Of course, public sentiment and public policy do not always align. Still, the limited adoption of comprehensive sexuality education is particularly odd from a policy standpoint, since major medical organizations have advanced and support such programs. The American College of Obstetricians and GynecologistsAmerican Public Health Association, the American Medical Association and the American Academy of Pediatrics encourage school systems to adopt these curriculums—a consensus that one would expect to be persuasive.

Although comprehensive sexuality education is harm reduction, other strategies from the harm reduction playbook could further improve upon this already effective program. For one, sexual education should try to meet young people where they are at, by reaching them not only through traditional classroom instruction. 

Making condoms available for free, at after-school school functions or in completely different settings, could be one example. This does not have to be as ostentatious as setting out a bowl of condoms at prom, but taking the extra step of making barrier methods of contraception readily available destigmatizes their use and is a form of education in itself.

Another way that comprehensive sexuality education programs can expand their reach is to include parents. State laws vary regarding parental consent laws for receiving prescription contraception and the morning after pill and participating in school-based sexuality education programs, but one vital harm reduction tool almost universally requires parental consent: human papilloma virus (HPV) vaccination. The CDC recommends that all young people receive this two-vaccine series between the ages of 11 and 12, because the vaccine is more effective if received prior to becoming sexually active.

In 2019, New Jersey experienced a measles outbreak, which inspired legislation that would allow young people to receive vaccinations, including for HPV, without parental consent. Unfortunately, the legislation failed, just as similar legislation in New York has failed multiple times since 2009. When Canadian parents were asked why they opposed HPV vaccination, 20 percent feared that it would discourage their children from using condoms.
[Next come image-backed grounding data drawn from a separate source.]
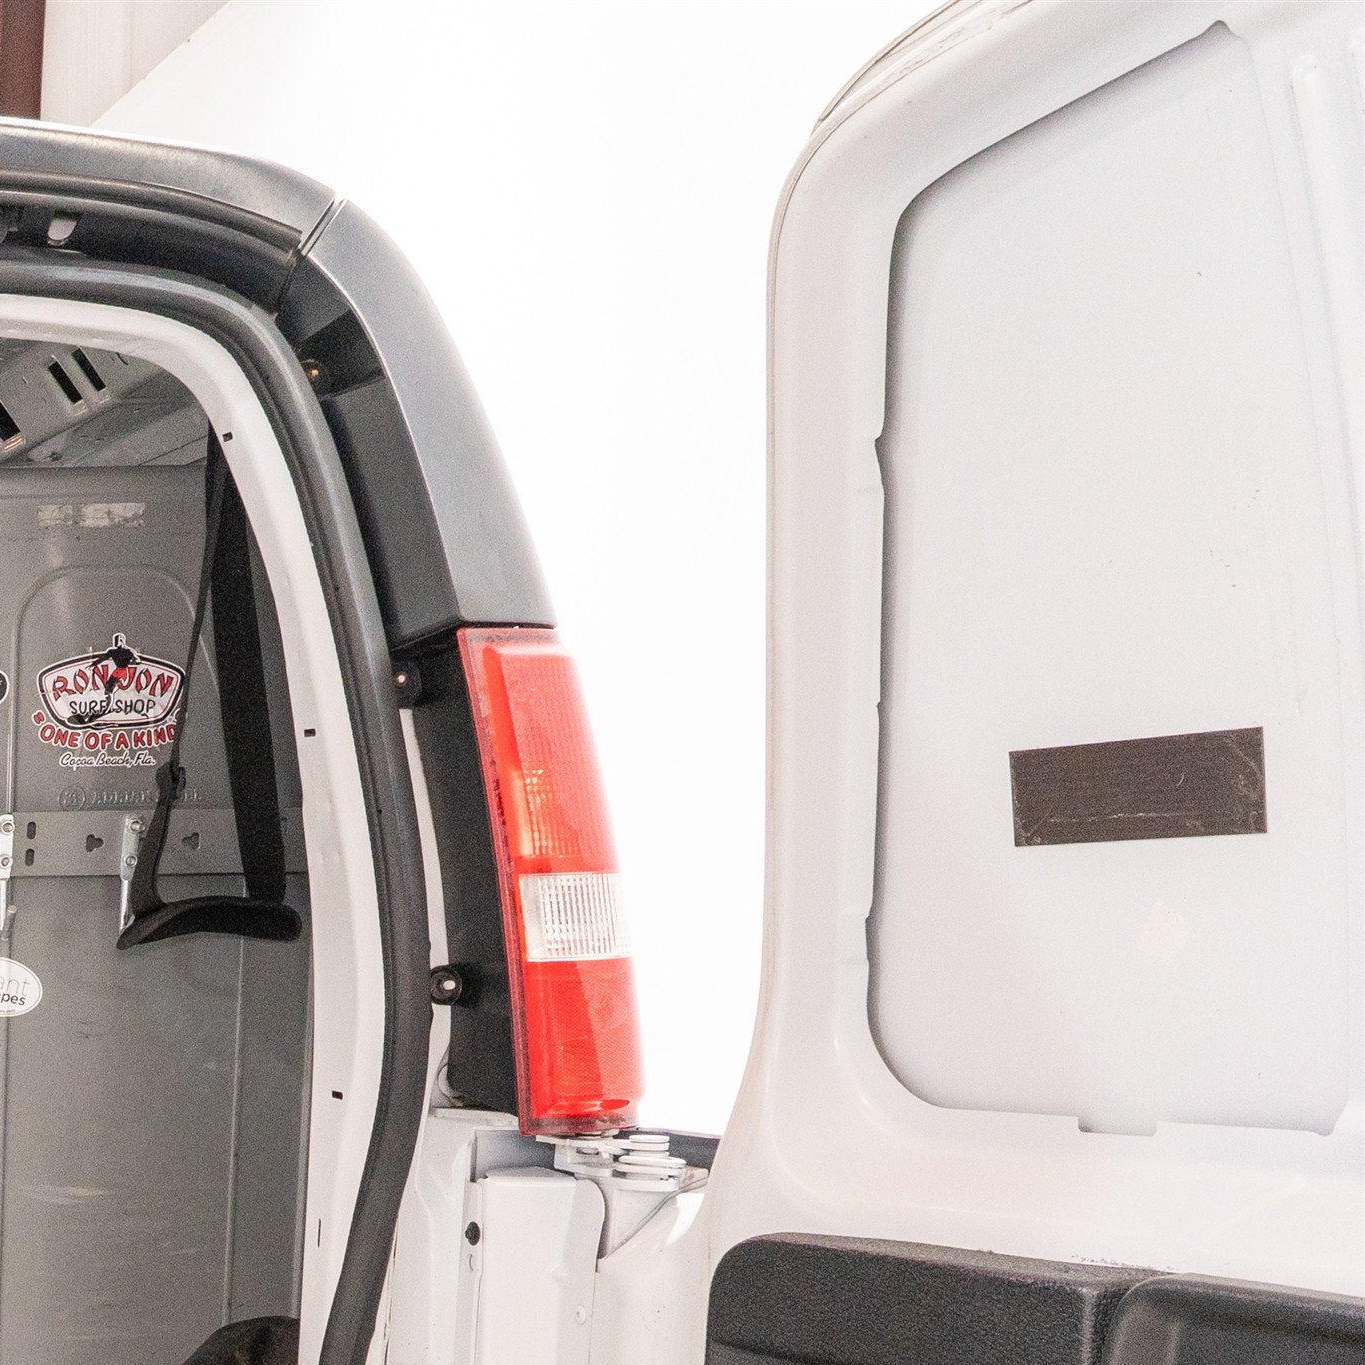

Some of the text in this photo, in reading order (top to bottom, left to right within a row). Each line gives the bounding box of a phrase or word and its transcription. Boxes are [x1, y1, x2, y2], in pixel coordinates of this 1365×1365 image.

[52, 664, 175, 701] RON JON
[69, 699, 156, 716] SURF SHOP
[85, 732, 112, 750] OF
[115, 732, 129, 749] A
[60, 752, 95, 766] Cocoa
[135, 752, 157, 766] Fla.
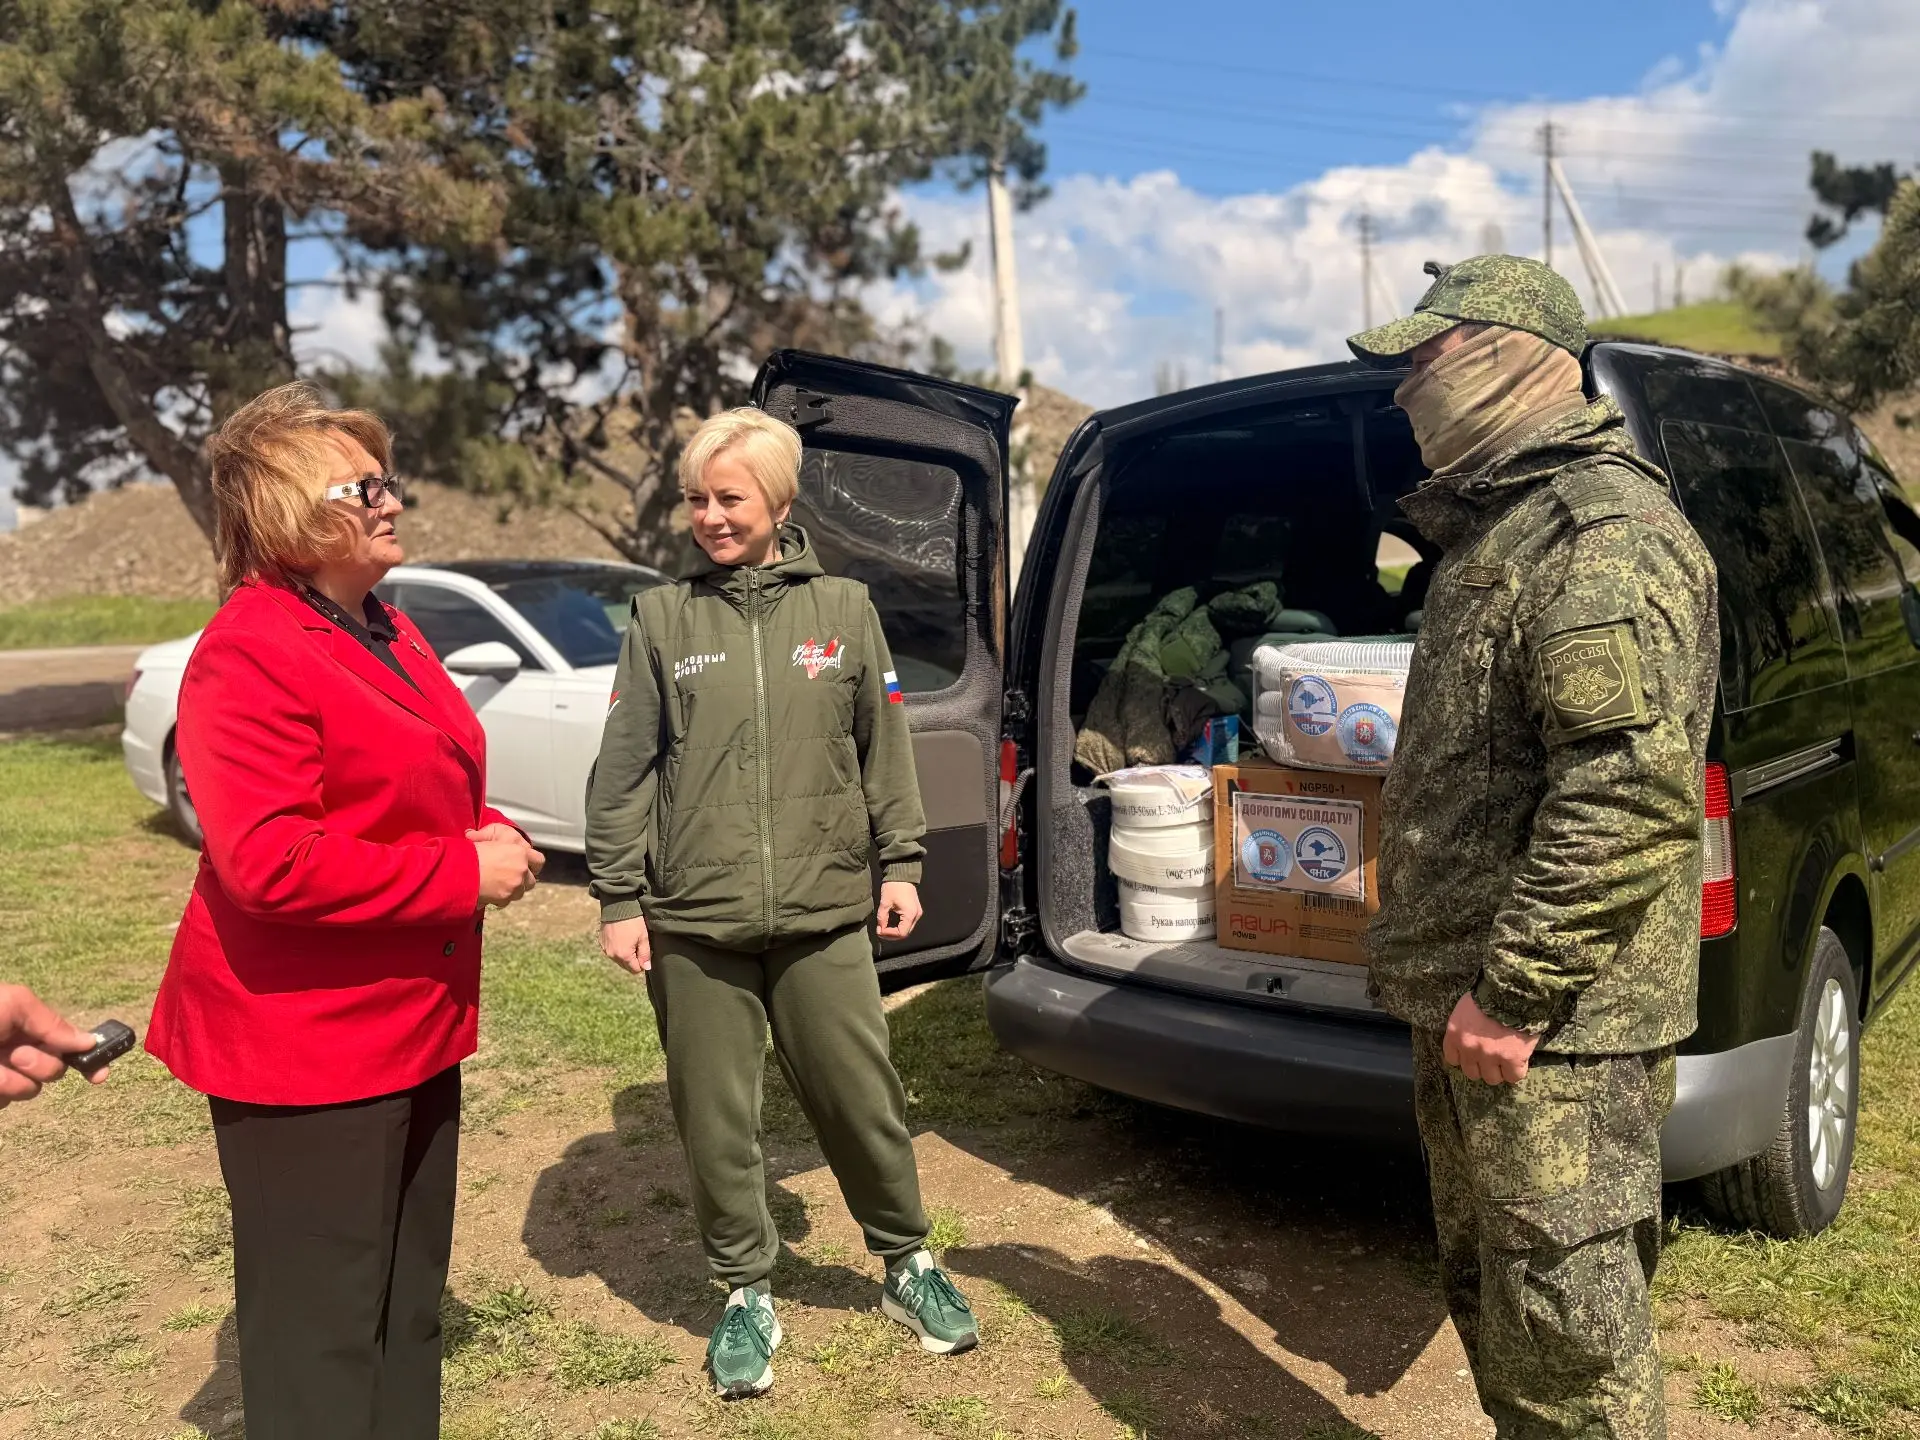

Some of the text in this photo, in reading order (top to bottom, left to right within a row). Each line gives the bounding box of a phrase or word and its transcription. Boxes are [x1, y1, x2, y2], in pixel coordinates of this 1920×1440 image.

[1552, 644, 1607, 668] РОССИЯ
[674, 663, 704, 680] ФРОНТ
[1300, 782, 1346, 795] NGP50-1
[1242, 803, 1353, 826] ДОРОГОМУ СОЛДАТУ!
[1151, 915, 1174, 928] Рукав
[1232, 930, 1257, 940] POWER
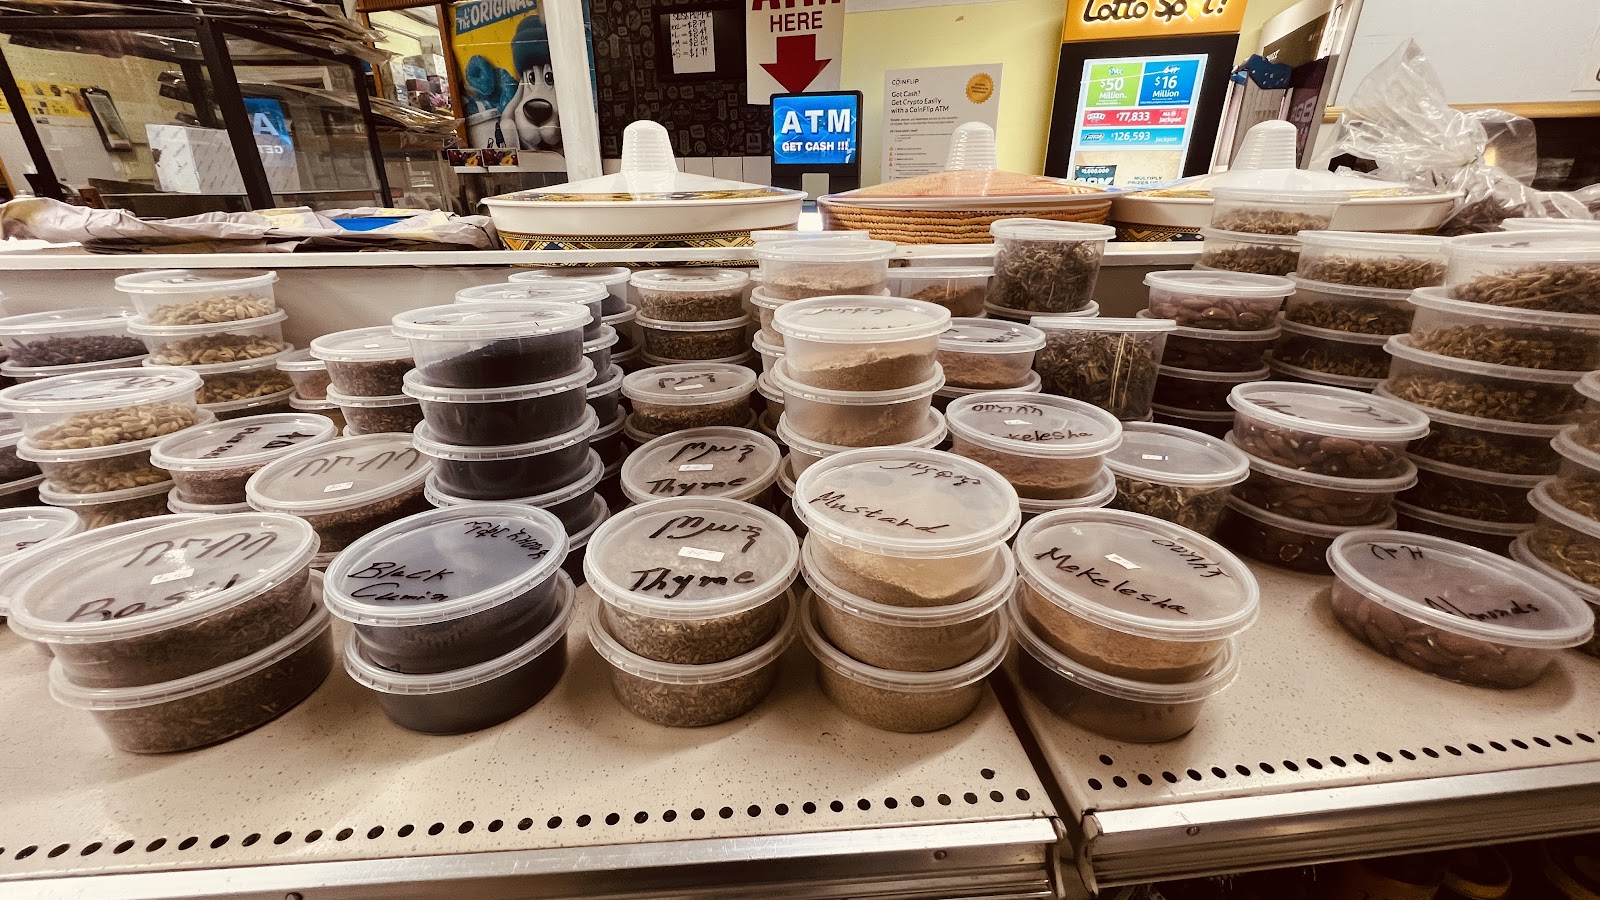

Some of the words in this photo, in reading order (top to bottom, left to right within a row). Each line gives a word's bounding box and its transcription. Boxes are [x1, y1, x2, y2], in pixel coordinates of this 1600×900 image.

Providing safer ways to engage in risky behaviors does not encourage greater risk-taking⁠.

Again, as harm reductionists know, providing safer ways to engage in risky behaviors does not encourage greater risk-taking⁠—and this was confirmed for HPV vaccination by a study that found no difference between new STI infections in young women vaccinated for HPV compared to their unvaccinated peers. Given the prevalence of misinformation about sexual risk-taking among parents, and the power they have over their children’s sexual health outcomes, it makes sense to include parents in parts of the sexuality education curriculum.

Parents, schools and lawmakers also must realize that a one-size-fits-all approach to sexuality education may not be the most effective way to help young people have healthier sexual and non-sexual relationships. Advocates for Youth recommend a three-tiered approach to sexual education that begins with comprehensive sexuality education as the foundation for all students, with provision of sexual health services and targeted interventions for students at higher risk of negative sexual health outcomes.

Just as not every person who uses drugs needs methadone, not every young person needs a targeted after-school program about sexual health; however, both forms of harm reduction should be available to those who do need and want them.

Comprehensive sexuality education in no way merits the controversy that persistently prevents progress in improving young people’s sexual health outcomes. Existing evidence specific to sexuality education, as from other areas of harm reduction, shows that information and access are tools of protection—not nefarious instruments of immorality.

For many negative sexual health outcomes, the consequences are lifelong. If a young person misses an opportunity to decrease (or eliminate) the risk of contracting an STI or preventing an unplanned pregnancy because they do not have the information they need to protect themselves and make their own healthiest choices, we have failed them.

Comprehensive sexuality education early and often is harm reduction, giving young people the best chance of a healthy future.